Administrative data have several advantages over questionnaire and interview data to identify cases of depression: they are usually inexpensive, available for a long period of time and are less subject to recall bias and differential classification errors. However, the validity of administrative data in the correct identification of depression has not yet been studied in general populations. The present study aimed to 1) evaluate the sensitivity and specificity of administrative cases of depression using the validated Composite International Diagnostic Interview – Short Form (CIDI-SF) as reference standard and 2) compare the known-groups validity between administrative and CIDI-SF cases of depression.

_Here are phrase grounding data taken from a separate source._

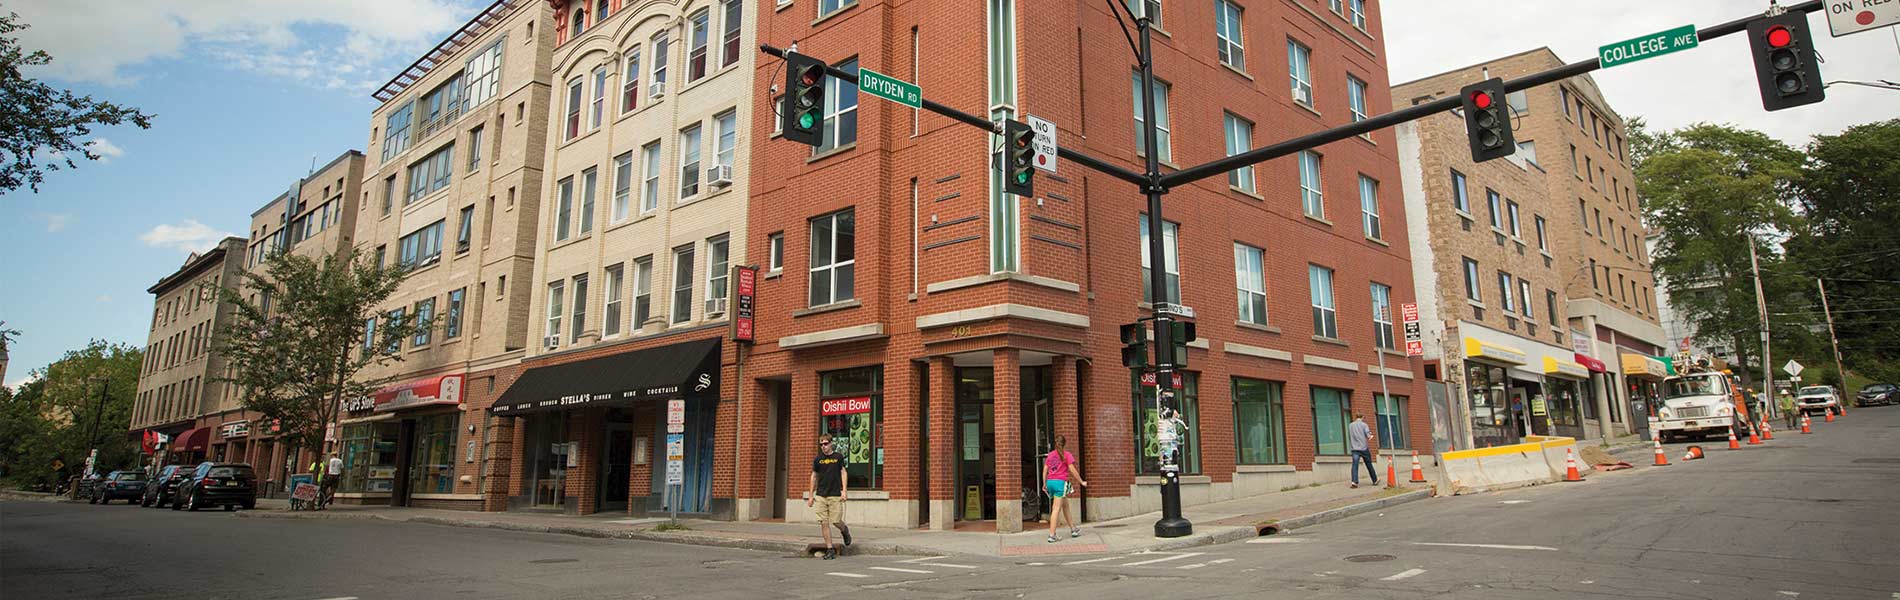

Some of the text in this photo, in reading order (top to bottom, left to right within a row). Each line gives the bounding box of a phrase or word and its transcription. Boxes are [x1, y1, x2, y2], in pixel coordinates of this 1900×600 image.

[1832, 1, 1853, 14] ON
[1603, 34, 1693, 63] COLLEGE AVE
[864, 74, 917, 103] DRYDEN RD
[1035, 121, 1048, 133] NO
[1042, 144, 1055, 156] RED
[951, 325, 971, 338] 401
[560, 393, 590, 406] STELLA'S
[623, 390, 637, 398] WINE
[646, 386, 679, 395] COCKTAILS
[823, 399, 871, 412] Oishii Bowl

The 5487 participants seen at the last wave (2015–2018) of the PROQ cohort had CIDI-SF questionnaire data linked to hospitalization and medical reimbursement data provided by the provincial universal healthcare provider and coded using the International Classification of Disease. We analyzed the sensitivity and specificity of several case definitions of depression from this administrative data. Their association with known predictors of depression was estimated using robust Poisson regression models.
Administrative cases of depression showed high specificity (≥ 96%), low sensitivity (19–32%), and rather low agreement (Cohen’s kappa of 0.21–0.25) compared with the CIDI-SF. These results were consistent over strata of sex, age and education level and with varying case definitions. In known-groups analysis, the administrative cases of depression were comparable to that of CIDI-SF cases (RR for sex: 1.80 vs 2.03 respectively, age: 1.53 vs 1.40, education: 1.52 vs 1.28, psychological distress: 2.21 vs 2.65).
The results obtained in this large sample of a general population suggest that the dimensions of depression captured by administrative data and by the CIDI-SF are partially distinct. However, their known-groups validity in relation to risk factors for depression was similar to that of CIDI-SF cases. We suggest that neither of these data sources is superior to the other in the context of large epidemiological studies aiming to identify and quantify risk factors for depression.